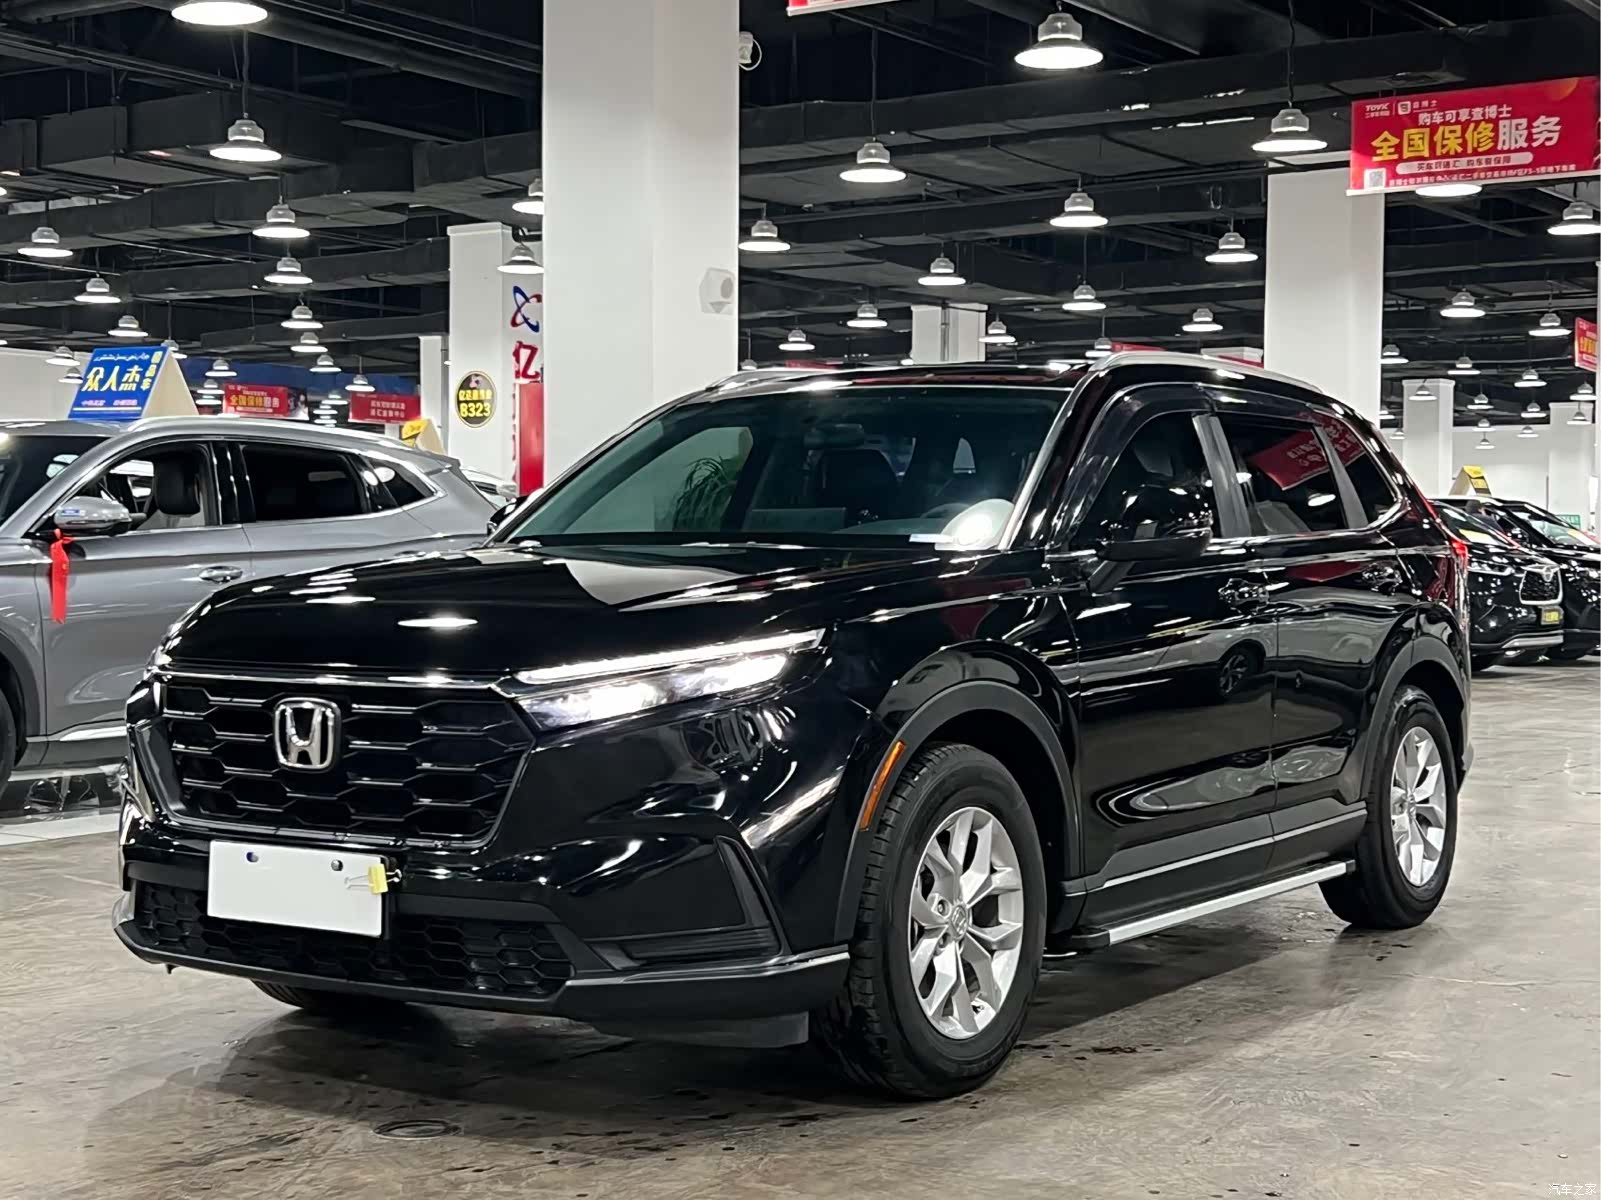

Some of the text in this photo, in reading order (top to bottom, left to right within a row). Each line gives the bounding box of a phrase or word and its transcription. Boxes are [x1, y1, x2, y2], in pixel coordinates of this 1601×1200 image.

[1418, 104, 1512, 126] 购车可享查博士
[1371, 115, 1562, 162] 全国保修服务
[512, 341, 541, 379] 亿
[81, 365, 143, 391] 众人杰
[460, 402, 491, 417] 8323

## WHAT YOU HAVE TO DO
Every record above should be transcribed exactly; the pictures stay out of the copy.

## WRITTEN RESPONSE
Some of the text in this photo, in reading order (top to bottom, left to right within a row). Each line gives the bounding box of a phrase or word and its transcription. Boxes are [x1, y1, x2, y2], in pixel coordinates of this 1601×1200 image.

[1418, 104, 1512, 126] 购车可享查博士
[1371, 115, 1562, 162] 全国保修服务
[512, 341, 541, 379] 亿
[81, 365, 143, 391] 众人杰
[460, 402, 491, 417] 8323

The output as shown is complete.